Dans l’exposé des motifs, le législateur affirme que le retour de la TVA sur les produits à la vente va permettre aux opérateurs économiques activant dans le secteur du montage des véhicules de récupérer les montants payés dans le cadre d’une TVA imposée à l’entrée du territoire national de certaines de leurs acquisitions depuis l’étranger pour les besoins de leur activité industrielle. Ces opérateurs se retrouvaient jusque-là dans une situation de précompte structurel causé par l’application d’une TVA au titre de l’acquisition de leurs équipements industriels qu’ils ne peuvent plus récupérer puisque le produit fini acquis est exonéré de la TVA à 19 %.

En termes simples, l’Etat a décidé d’imposer au consommateur algérien le paiement d’une TVA de 19 % sur les véhicules neufs pour ne plus remettre aux constructeurs les sommes prélevées sur chaque importation des équipements et matières premières dont nécessite le fonctionnement d’une usine de montage des véhicules neufs en Algérie.

Ainsi, le constructeur va récupérer son argent en faisant taxer le consommateur. Et c’est pour cette raison que tous les prix vont augmenter significativement dans les jours à venir si cette LFC 2018  est adoptée telle quelle par l’APN et le Conseil de la Nation.

Cependant, le raisonnement fiscal de l’Etat algérien est très dangereux car il ne protégera nullement le constructeur en écrasant le pouvoir d’achat du consommateur. Au moment où les prix des voitures neuves commençaient à baisser, cette LFC 2018 va tout bousculer et provoquera une surenchère sans précédent. Les Algériens n’ont pas le pouvoir d’achat idoine pour supporter les nouveaux prix. Les constructeurs seront donc obligés de réduire significativement leurs marges bénéficiaires pour pouvoir vendre leurs voitures.

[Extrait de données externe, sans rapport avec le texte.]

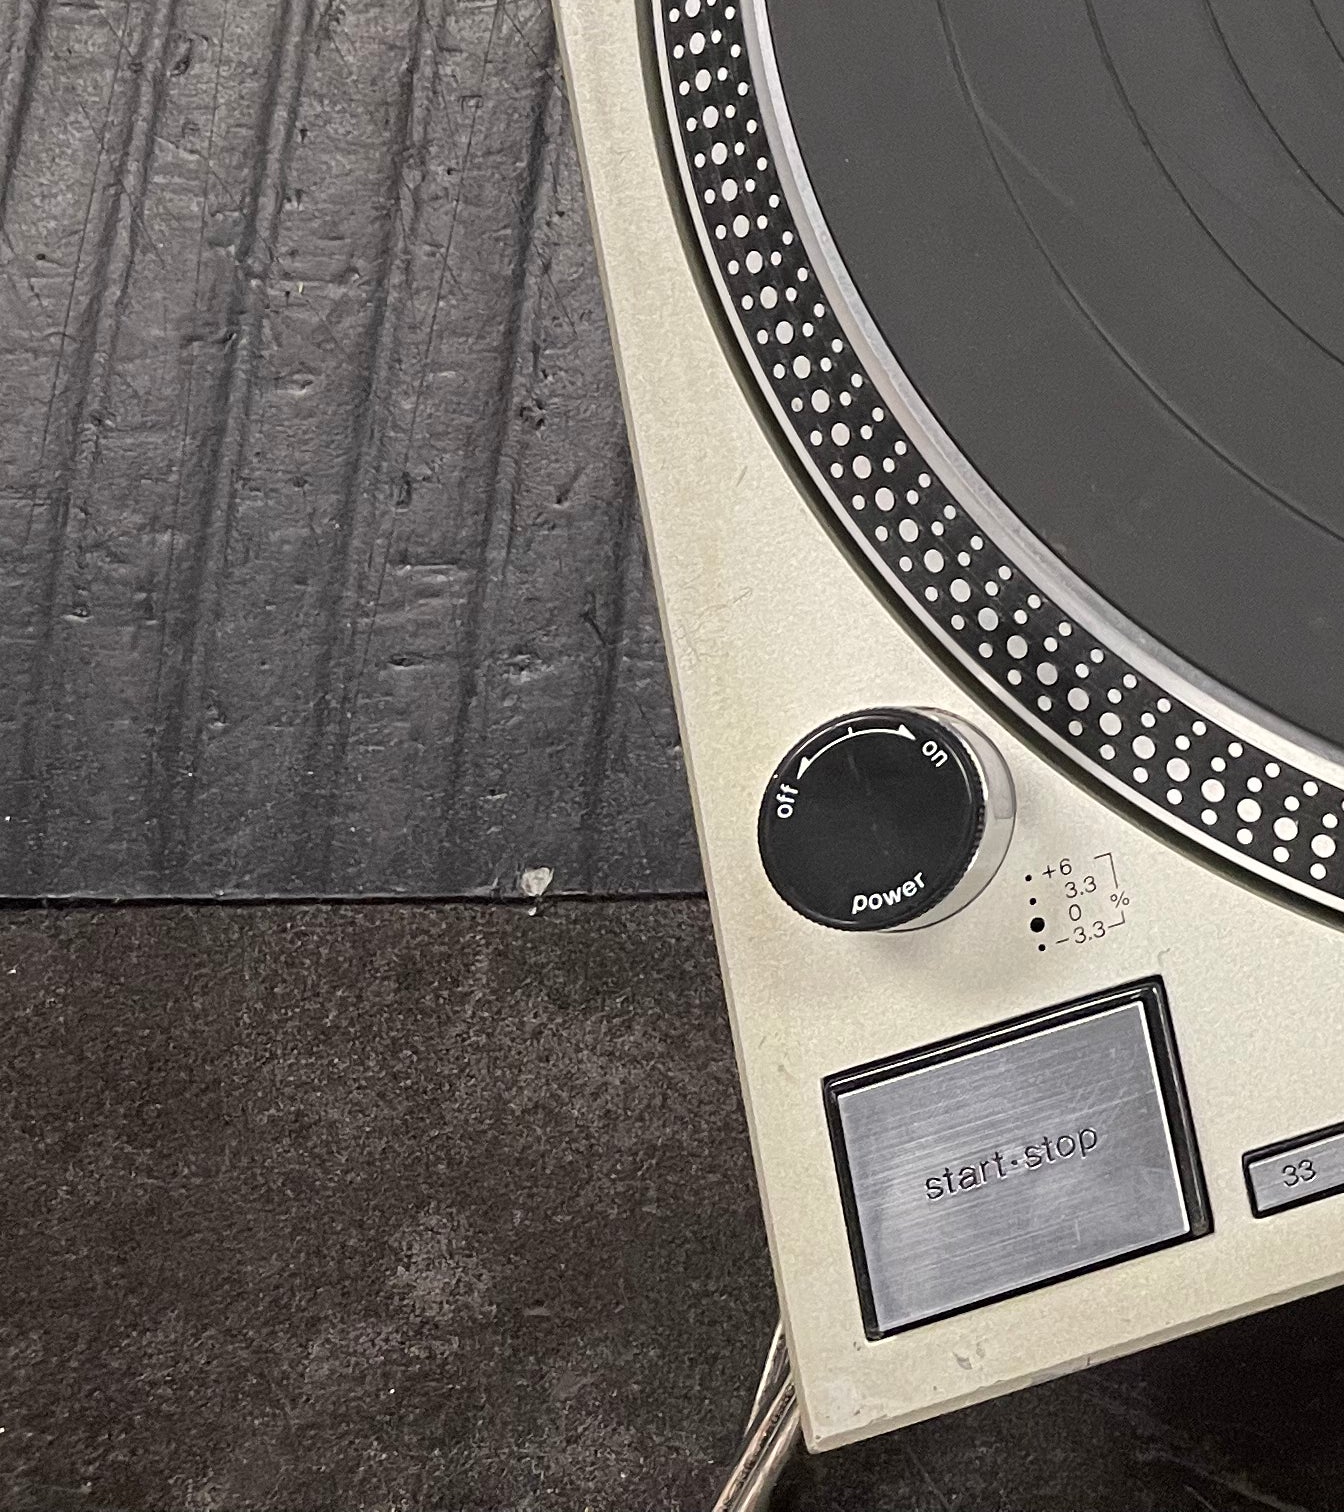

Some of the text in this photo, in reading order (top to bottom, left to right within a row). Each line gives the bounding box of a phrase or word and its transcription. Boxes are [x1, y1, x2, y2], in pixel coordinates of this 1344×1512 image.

Mais les charges de production seront maintenus et peuvent augmenter à cause de la dévaluation du dinar algérien. L’activité du montage des véhicules ne sera donc plus rentable à défaut d’une forte consommation intérieure. Les voitures neuves seront chères à la vente et leur montage coûtera encore plus cher au constructeur. Le montage fiscal imaginé par les autorités algériennes risque de porter le coup de grâce à une activité industrielle qui avait été encouragée par des avantages fiscaux et parafiscaux. La consommation intérieure va s’effondrer. Et il sera nettement plus intéressant d’importer des véhicules neufs au lieu de les assembler ou de les monter en Algérie.

Le rêve d’investir en Algérie va petit à petit se transformer en un véritable cauchemar. Il est plus que nécessaire de revoir les dispositions de la LFC 2018 car tout le monde est perdant. Les consommateurs comme les constructeurs.